Farkas also asserted two other grounds for relief in his petition, but the Court denied them upon initial screening. [R. 4, 9] The Court does not revisit that determination here.
Farkas filed a second reply, which is not permitted by the Local Rules absent leave of Court. LR 7.1(c, g). The Court will nonetheless consider both submissions because Farkas proceeds pro se.
I
Following a jury trial in Baton Rouge, Louisiana, Farkas was found guilty in October 2003 of being a convicted felon in possession of a firearm in violation of 18 U.S.C. § 922(g)(1). Ordinarily, such a conviction warrants a sentence of no more than 10 years. 18 U.S.C. § 924(a)(2). But if the defendant has three or more prior convictions for "serious drug offenses" or "violent felonies," the ACCA mandates a minimum sentence of imprisonment for 15 years or more. 18 U.S.C. § 924(e). The Presentence Investigation Report ("PSR") indicated that Farkas had five prior convictions in Louisiana for possession of stolen property; two convictions for being a felon in possession of a firearm; one conviction for simple escape; one conviction for aggravated burglary; two convictions for burglary of an inhabited dwelling; and nineteen more convictions for residential and other species of burglary. The PSR concluded that three or more of these convictions qualified as ACCA predicate offenses, thus requiring a sentence of at least 180 months imprisonment. [R. 14 at 6-13] The trial court agreed, and in April 2004 sentenced Farkas to 293 months imprisonment at the high end of the guidelines range. United States v. Farkas, No. 01-91-JJB-SCR-1 (M. D. La. 2001).
Farkas challenged the ACCA enhancement on direct appeal, but the Fifth Circuit affirmed, noting that the Supreme Court's intervening decision in United States v. Booker, 543 U.S. 220 (2005) did not warrant a different result. United States v. Farkas, 134 F. App'x 672 (5th Cir. 2005). The United States Supreme Court declined further review. Farkas v. United States, 546 U.S. 925 (2005). Farkas collaterally attacked his conviction and sentences by motion under 28 U.S.C. § 2255, without success.
In a separate federal prosecution in Birmingham, Alabama, in March 2006 Farkas was charged with being a felon in possession of a firearm in violation of 18 U.S.C. § 922(g)(1) based upon separate events occurring prior to the prosecution in Louisiana. Before trial, Farkas reached an agreement with the government to plead guilty to that charge. That court also found Farkas subject to the mandatory minimum term required by the ACCA because three or more of his prior convictions were for violent felonies. [R. 14-1 at 8-16] In October 2006 that court sentenced Farkas to 180 months imprisonment, that term to run concurrently with the federal sentence imposed in Louisiana. United States v. Farkas, No. 1:06-CR-119-UWC-JEO-1 (N. D. Ala. 2006).
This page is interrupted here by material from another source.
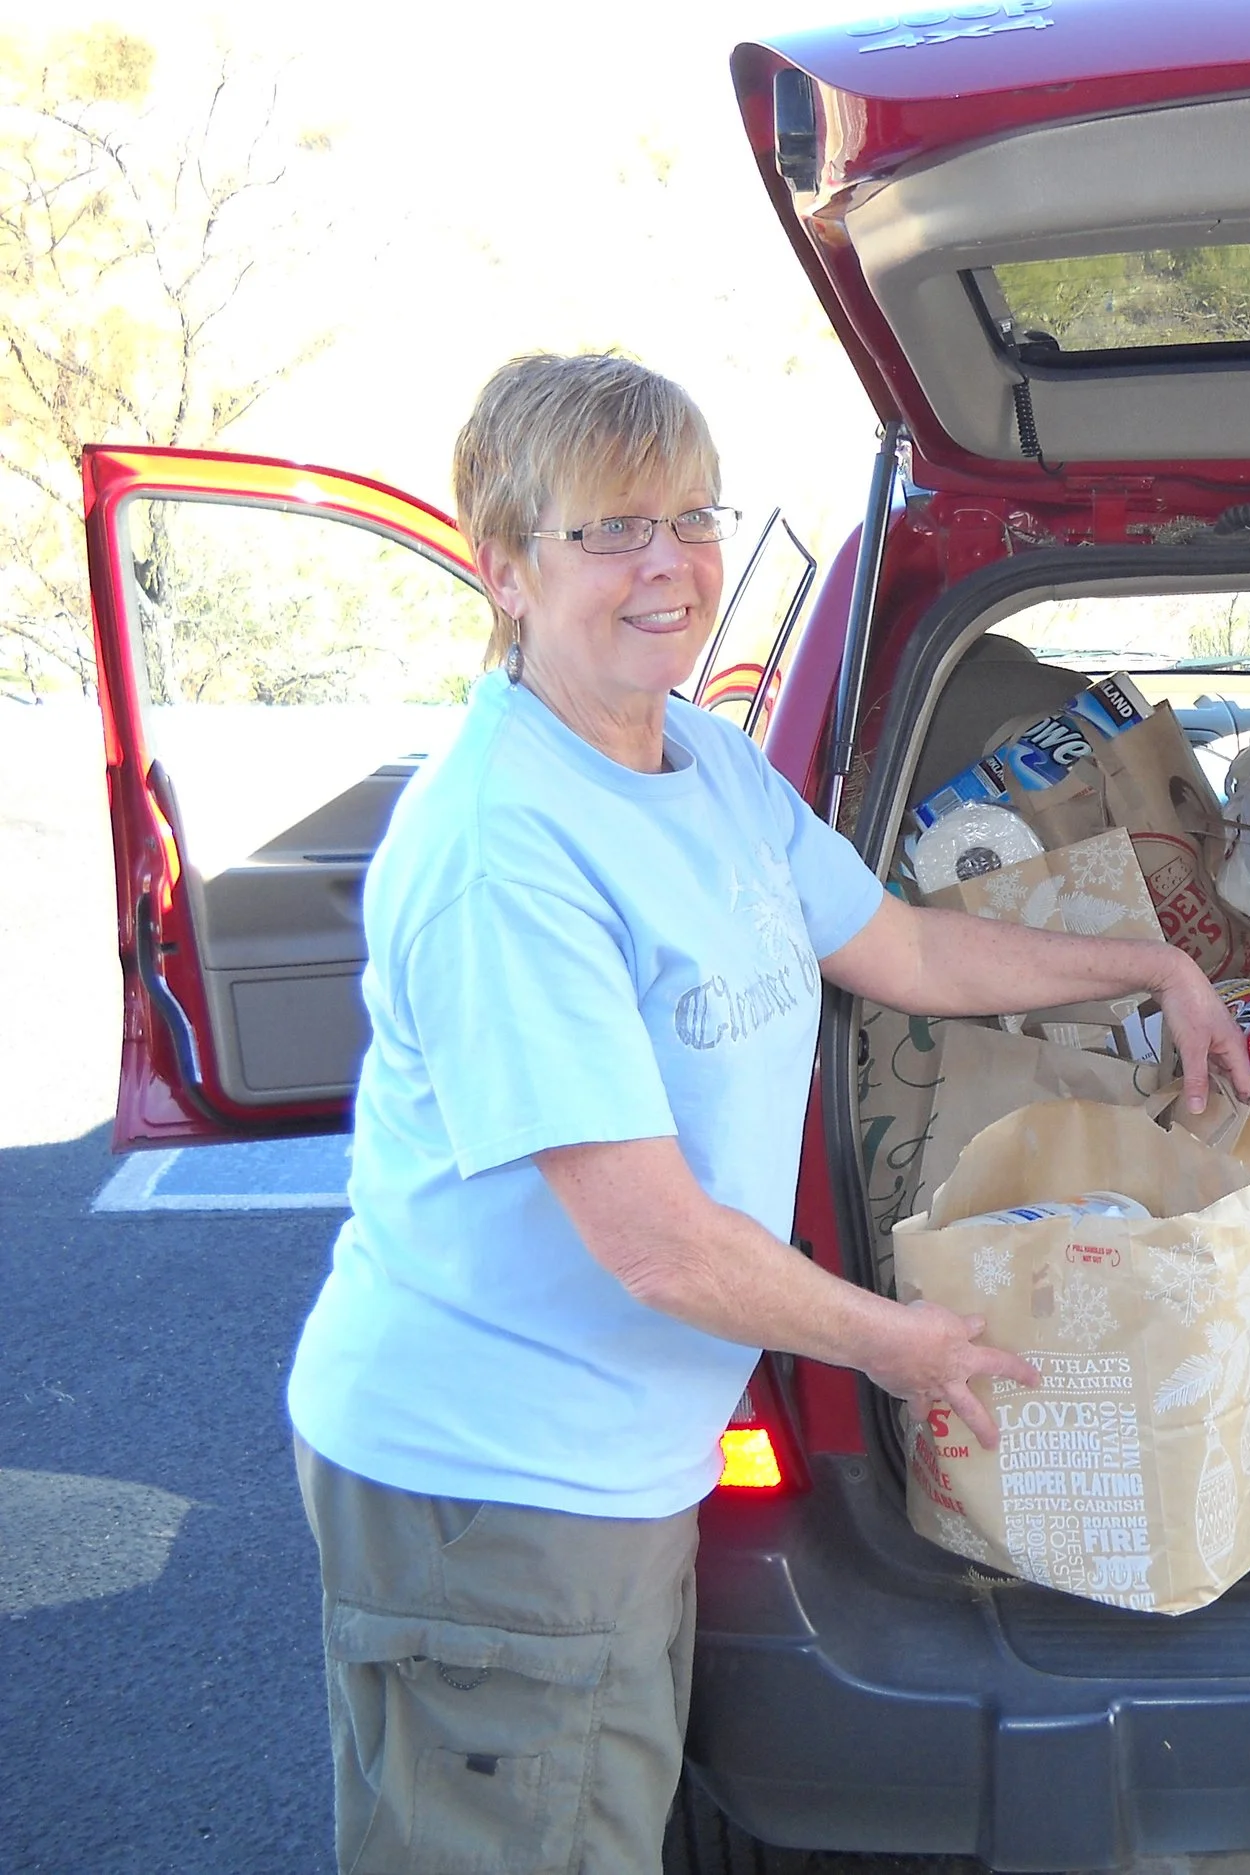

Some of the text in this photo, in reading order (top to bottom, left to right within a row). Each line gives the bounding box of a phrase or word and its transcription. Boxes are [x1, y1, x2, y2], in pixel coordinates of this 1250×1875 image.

While serving these sentences, in January 2010 Farkas pleaded guilty to stabbing another federal inmate with a dangerous weapon in violation of 18 U.S.C. § 113(a)(3). The federal court sentenced Farkas to an additional 24-month term of imprisonment to be served consecutively to his existing sentences. United States v. Farkas, No. 1:09-CR-113-IMK-1 (N.D. W.Va. 2009).
In 2014 Farkas sought habeas relief pursuant to 28 U.S.C. § 2241 in this Court, asserting that the enhancement of his sentence was improper under Descamps v. United States, 570 U.S. 254 (2013). The Court held that consistent with the weight of authority Descamps is not retroactively applicable to cases on collateral review. Farkas v. Holland, No. 6:14-150-DLB (E.D. Ky. 2014). Farkas appealed, and the Sixth Circuit affirmed. Without reaching the question of Descamps' retroactivity, the Sixth Circuit instead held that Farkas's claims were substantively without merit: "[Farkas's] multiple prior convictions for simple burglary under La. Rev. Stat. § 14:62 constitute convictions for generic burglary, meriting the armed career criminal sentencing enhancement." Farkas v. Holland, No. 15-5015 (6th Cir. 2015).
II
In his petition, Farkas contends that the Louisiana burglary statutes are indivisible and are overbroad because they criminalize the burglary not merely of dwellings but also of cars and boats. [R. 1-1 at Page ID #15-16] The government's response consists of a generic discussion on the scope of § 2255(e)'s savings clause as interpreted by the various federal courts of appeal. [R. 15 at 3-15] It suggests that the Eleventh Circuit's narrower reading of the savings clause in McCarthan v. Director Of Goodwill Indus.-Suncoast, Inc., 851 F.3d 1076 (11th Cir.) (en banc), cert. denied, 138 S. Ct. 502 (Dec. 4, 2017) should be applied instead of the more expansive reading given to that provision by the Sixth Circuit set forth in Hill v. Masters, 836 F. 3d 591 (6th Cir. 2016). Of course, this Court may not disregard controlling precedent from the Sixth Circuit. Hutto v. Davis, 454 U.S. 370, 376-77 (1982) ("... a precedent of this Court must be followed by the lower federal courts no matter how misguided the judges of those courts may think it to be."); In re: Livingston, 379 B. R. 711, 725 (Bankr. W.D. Mich. 2007) ("...district courts and bankruptcy courts within this circuit are bound by published Sixth Circuit decisions."), rev'd on other grounds, 422 B.R. 645 (W.D. Mich. 2009). The government does not discuss or analyze the substance of Farkas' contentions, instead only requesting that the Court "consider the exhibits, the arguments above and deny the relief sought by the Petitioner." [R. 15 at 15] The Court, having thoroughly reviewed the record and the submissions of the parties, concludes that Farkas has not properly pursued relief under § 2241 and that his claims are without merit.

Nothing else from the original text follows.